LLMs is an open-source Python framework that simplifies integration and use of multiple language models across different providers and local deployments. It offers a consistent API for model loading, prompt templating, batching, and streaming responses. Developers can switch between models like GPT-J, Llama, and Mistral without rewriting code, enabling rapid experimentation, prototyping, and deployment of NLP applications in chatbots, summarization, translation, and more.
LLMs is an open-source Python framework that simplifies integration and use of multiple language models across different providers and local deployments. It offers a consistent API for model loading, prompt templating, batching, and streaming responses. Developers can switch between models like GPT-J, Llama, and Mistral without rewriting code, enabling rapid experimentation, prototyping, and deployment of NLP applications in chatbots, summarization, translation, and more.
LLMs provides a unified abstraction over various open-source and hosted language models, allowing developers to load and run models through a single interface. It supports model discovery, prompt and pipeline management, batch processing, and fine-grained control over tokens, temperature, and streaming. Users can easily switch between CPU and GPU backends, integrate with local or remote model hosts, and cache responses for performance. The framework includes utilities for prompt templates, response parsing, and benchmarking model performance.
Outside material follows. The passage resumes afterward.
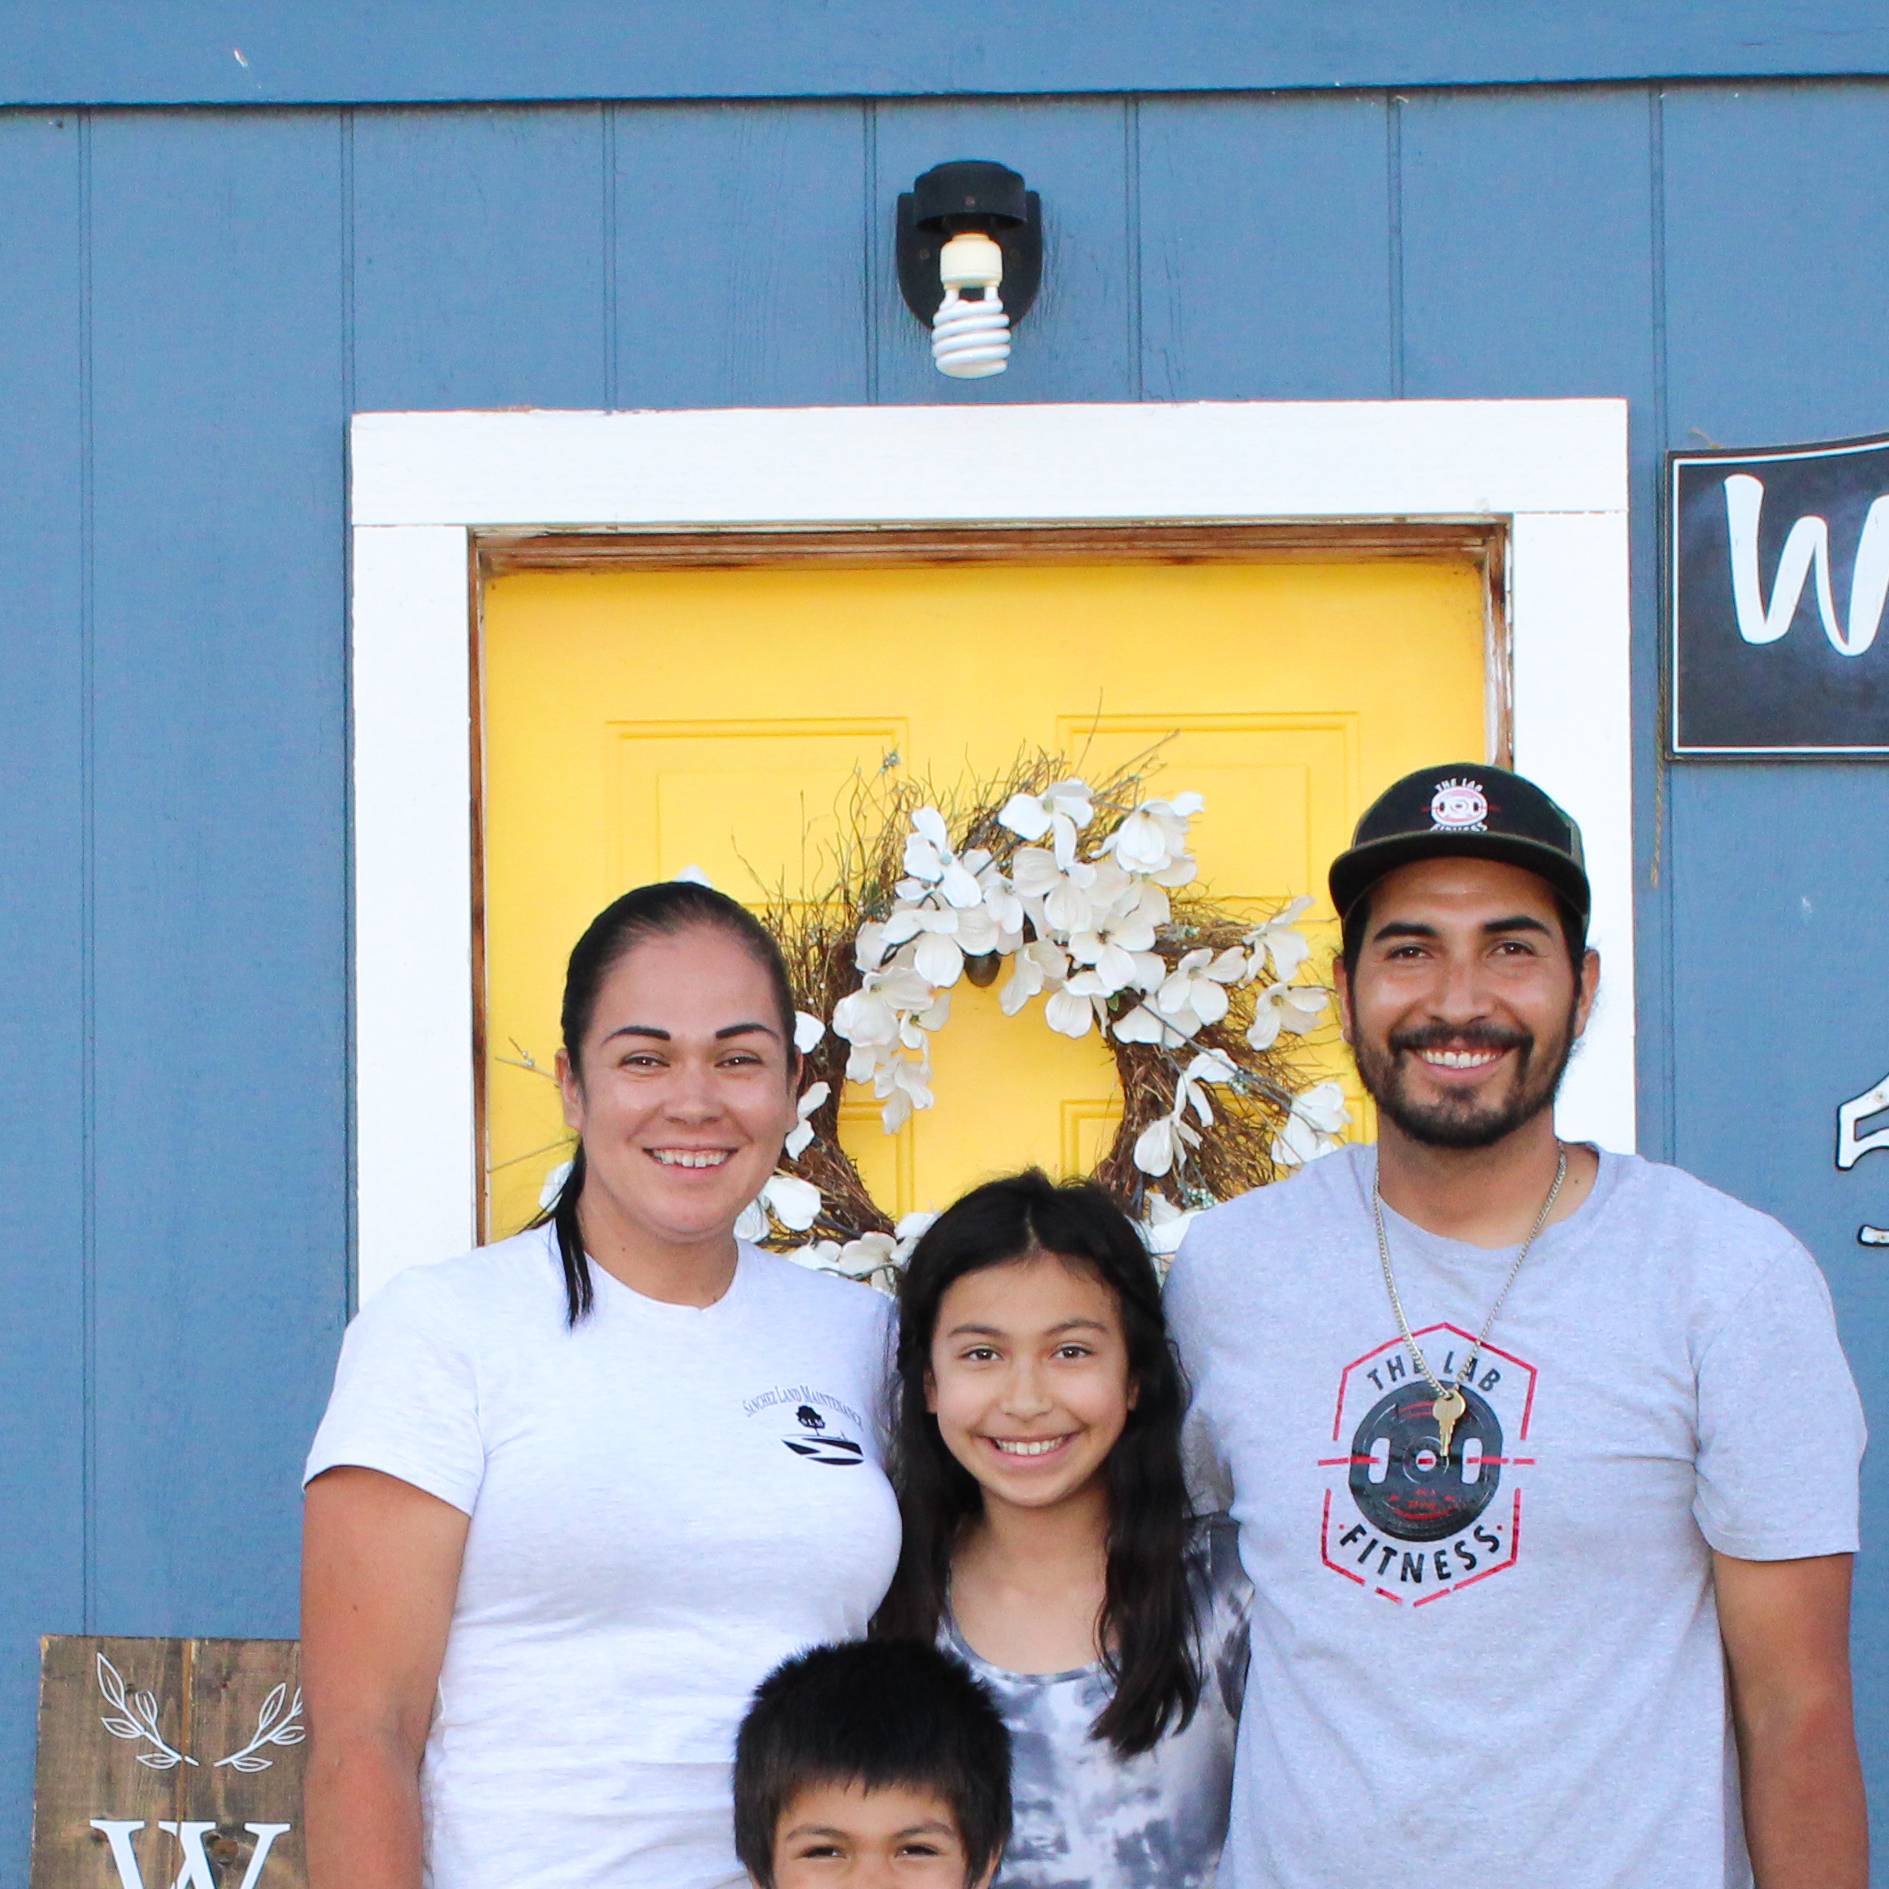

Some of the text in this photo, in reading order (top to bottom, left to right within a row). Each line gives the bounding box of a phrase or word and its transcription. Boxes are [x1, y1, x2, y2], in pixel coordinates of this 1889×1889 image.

By decoupling application logic from model-specific implementations, LLMs accelerates the development of NLP-powered applications such as chatbots, text generation, summarization, translation, and more, without vendor lock-in or proprietary APIs.
Who will use LLMs?
NLP researchers
AI/ML engineers
Software developers building NLP applications
Data scientists
Academic researchers
How to use the LLMs?
Step1: Install LLMs via pip: pip install llms
Step2: Import and initialize a model: from llms import Model; model = Model('gptj')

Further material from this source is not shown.